The basic plot of Arrival is: twelve spaceships land at twelve different locations around the world. One spacecraft lands in Montana, and after the US military fails to communicate with the extraterrestrials, a linguist expert called Louise Banks, and a physicist named Ian Donnelly are recruited to help figuring out what the aliens’ intentions are.

The extraterrestrials try to communicate using a written language (they draw circular marks with some ink-like substance they produce), which Louise and Ian rack their brains to try to interpret. At the same time, similar efforts are being made in the other countries where the extraterrestrials have landed.

Following a misinterpretation by Chinese linguists who interpreted the aliens’ answer to the question of why they came to Earth as ‘use weapon’, China stopped attempts to communicate with the aliens, and stopped sharing information on the matter with other nations. China also provided the extraterrestrials with a 24-hour ultimatum – leave Chinese territory or we will destroy you. Pakistan, Russia and Sudan soon joined in the Chinese ultimatum.
Louise, who interpreted the extraterrestrials’ response as ‘use tool’, managed to convince the Chinese general to withdraw the ultimatum and share the information they had with other countries, so that all human research teams could put together all the pieces of information collected from all the extraterrestrials, assuming that this was the only way to understand their message.

Therefore, one of the main ideas and messages of the film is that only through global cooperation and communication, using language, patience and empathy, and not reckless unilateral actions, can humanity survive.

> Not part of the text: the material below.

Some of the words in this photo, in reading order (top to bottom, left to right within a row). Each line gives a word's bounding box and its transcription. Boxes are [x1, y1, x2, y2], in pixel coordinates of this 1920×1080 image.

Another central theme in the film is the relationship between time, memory and language.
Louise managed to change the Chinese general’s mind by calling him on his private phone and telling him a sentence that his wife had told him before she died. Louise was able to know the general’s private number and what to say to him to convince him, because the tool that the extraterrestrials offered humanity is a different perception of time. The idea here is that, unlike all written human languages, the alien written language is semasiographic. And unlike speech, a logogram is not time-dependent, it is not directed forward or backward. Linguists call this “nonlinear orthography” so following the Sapir-Whorf hypothesis, which is the theory that the language we speak determines how we think, and affects the way we perceive everything (which was of course intentionally mentioned in the film), since the alien language is nonlinear, so is their perception of time. So, once they have mastered the extraterrestrials’ language, humans begin to perceive time as the extraterrestrials do, and are therefore able to see the future because it is no longer linear for them either.

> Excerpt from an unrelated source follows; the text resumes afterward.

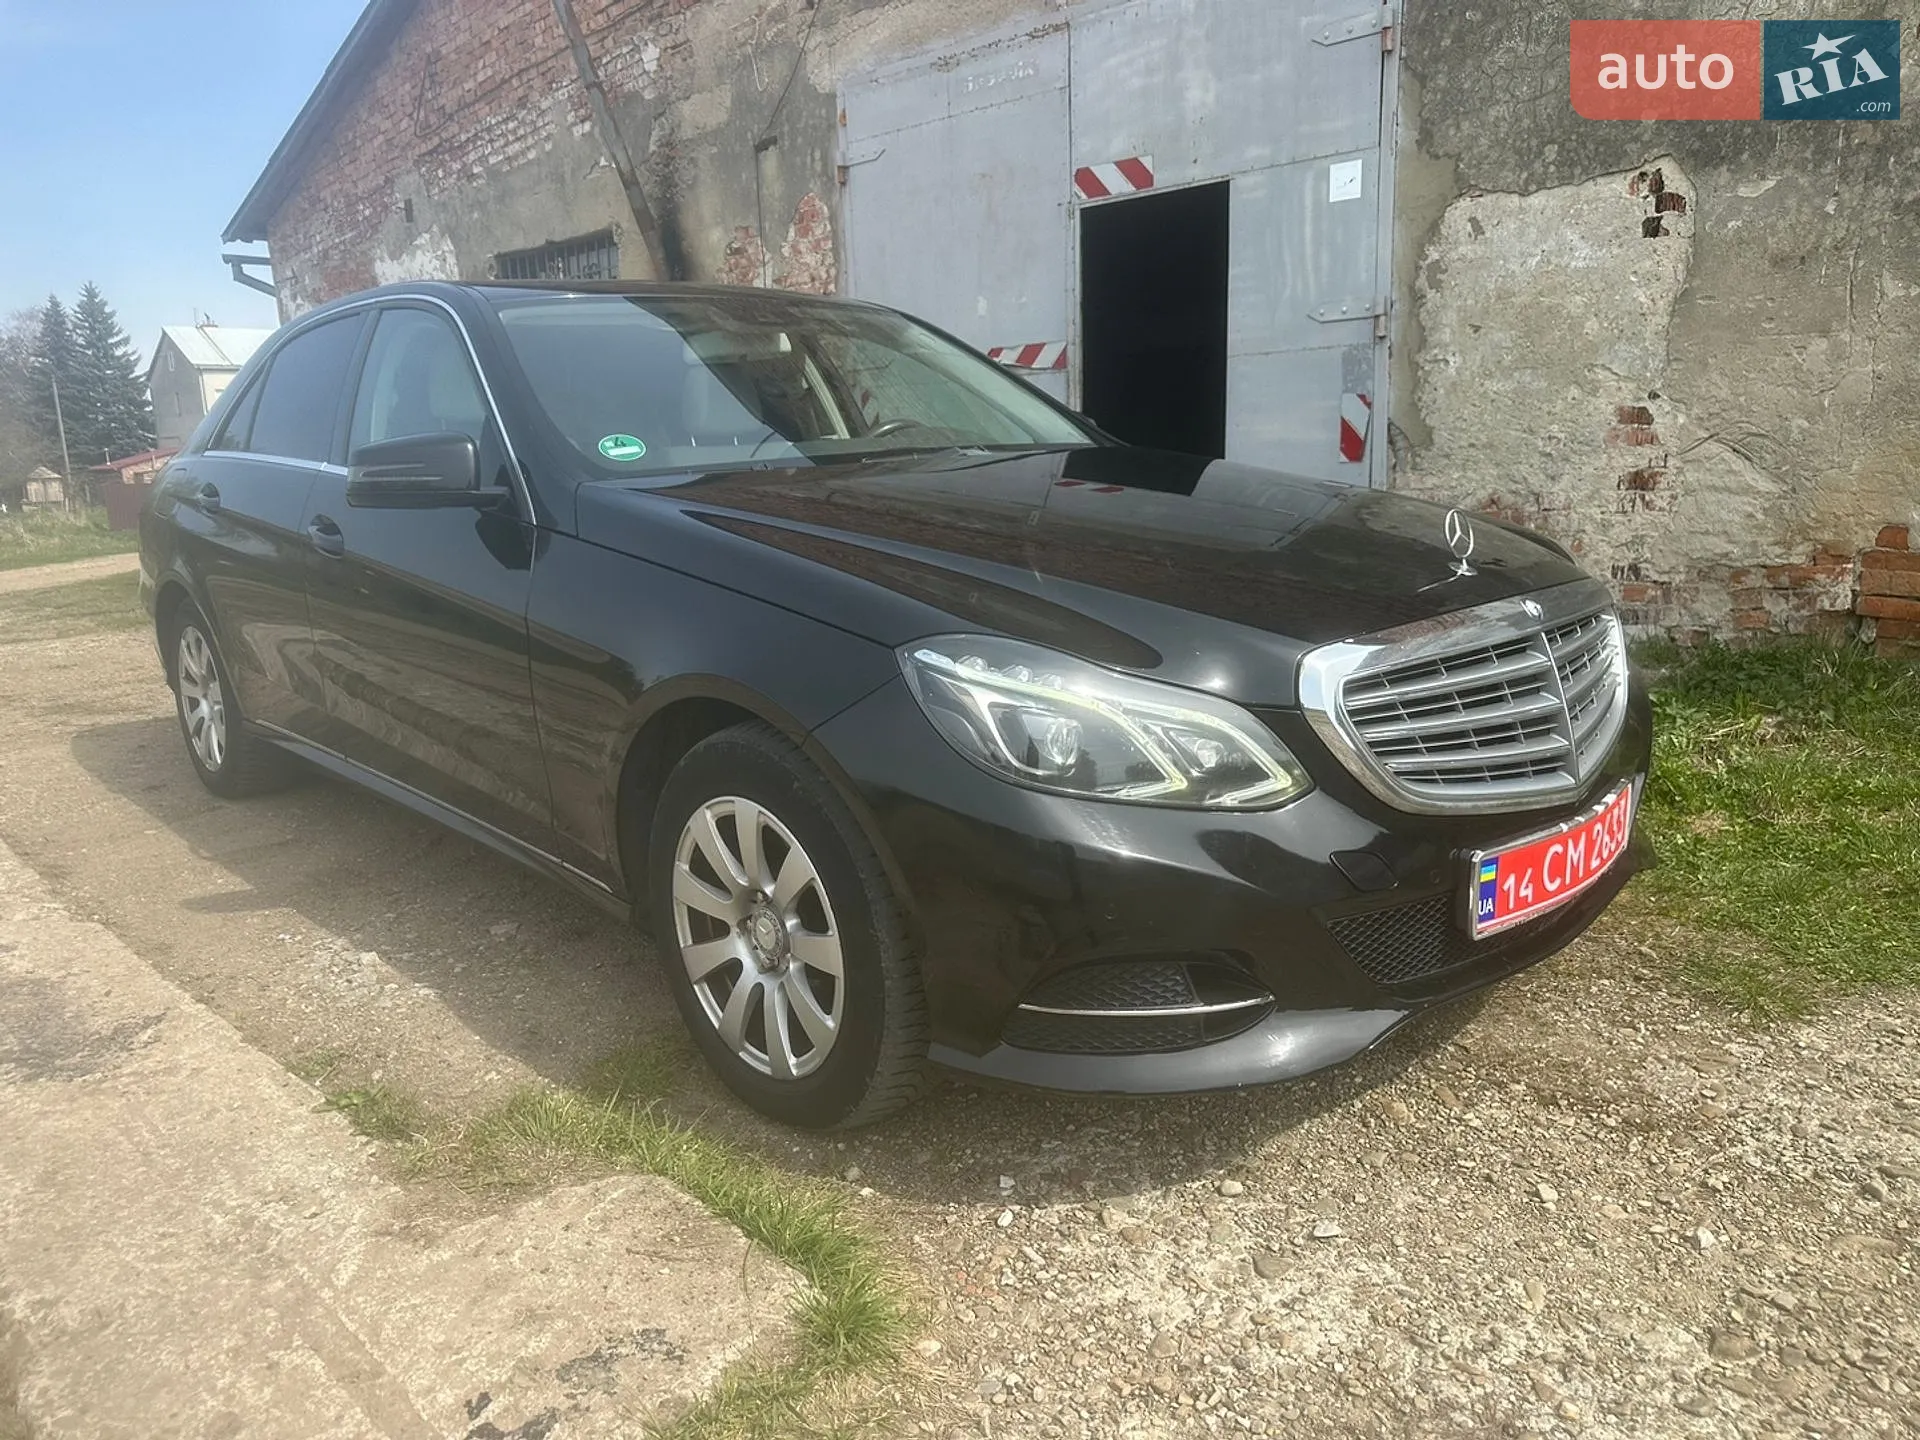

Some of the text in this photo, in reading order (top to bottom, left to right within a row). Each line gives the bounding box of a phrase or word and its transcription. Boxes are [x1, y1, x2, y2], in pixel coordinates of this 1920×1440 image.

[1503, 868, 1533, 909] 14
[1543, 832, 1586, 892] CM
[1478, 898, 1494, 915] UA
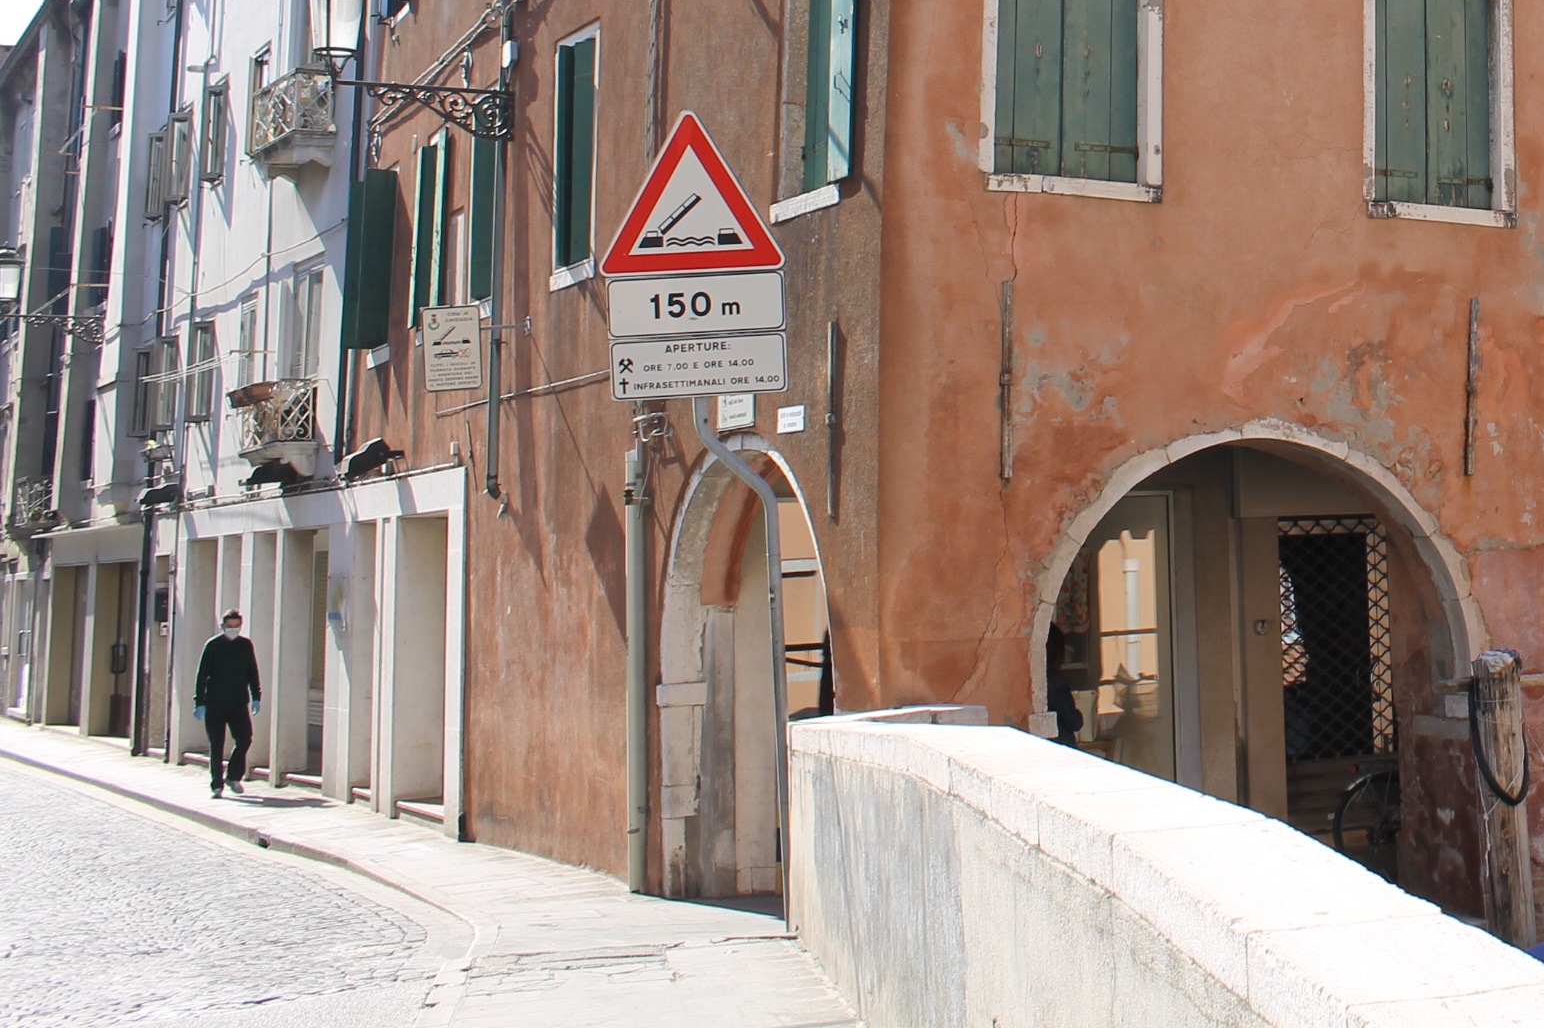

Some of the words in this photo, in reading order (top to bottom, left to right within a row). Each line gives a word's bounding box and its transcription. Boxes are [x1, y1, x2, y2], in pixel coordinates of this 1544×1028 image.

And this idea relates to what I see as the central theme of the film, which is certainly my main interest in this review, which is of course reproduction.

The film begins with what appears to be Louise’s recollection of her daughter Hannah dying of an illness in her early teens. So as far as we know, Hannah’s death occurred before the events of the film. However, viewers also receive evidence to the contrary as the film progresses.
During her research, Louise begins to have what appear to be flashbacks. The more she learns about the alien language, the more flashbacks she has, and they all somehow relate to her daughter (except for the one where the Chinese general gave her his private phone number and told her about the sentence his wife said to him on her deathbed). After one of her flashbacks, Louise says to one of the extraterrestrials, “I don’t understand. Who is this child?” even though the person she sees in this flashback is Hannah. The alien replies, “Louise sees future.”

Another clue is given through a flashback of a conversation Louise has with her daughter:
Hannah: Are you gonna leave me like Daddy did?
Louise: Hannah, honey, your daddy didn’t leave you. You’re gonna see him this weekend.
Hannah: He doesn’t look at me the same way anymore.
Louise: That’s my fault. I told him something that he wasn’t ready to hear.
Hannah: What?
Louise: Well, believe it or not, I know something that’s going to happen.
I can’t explain how I know. I just do.
And when I told your daddy, he got really mad. And he said I made the wrong choice.
Hannah: What? What’s going to happen?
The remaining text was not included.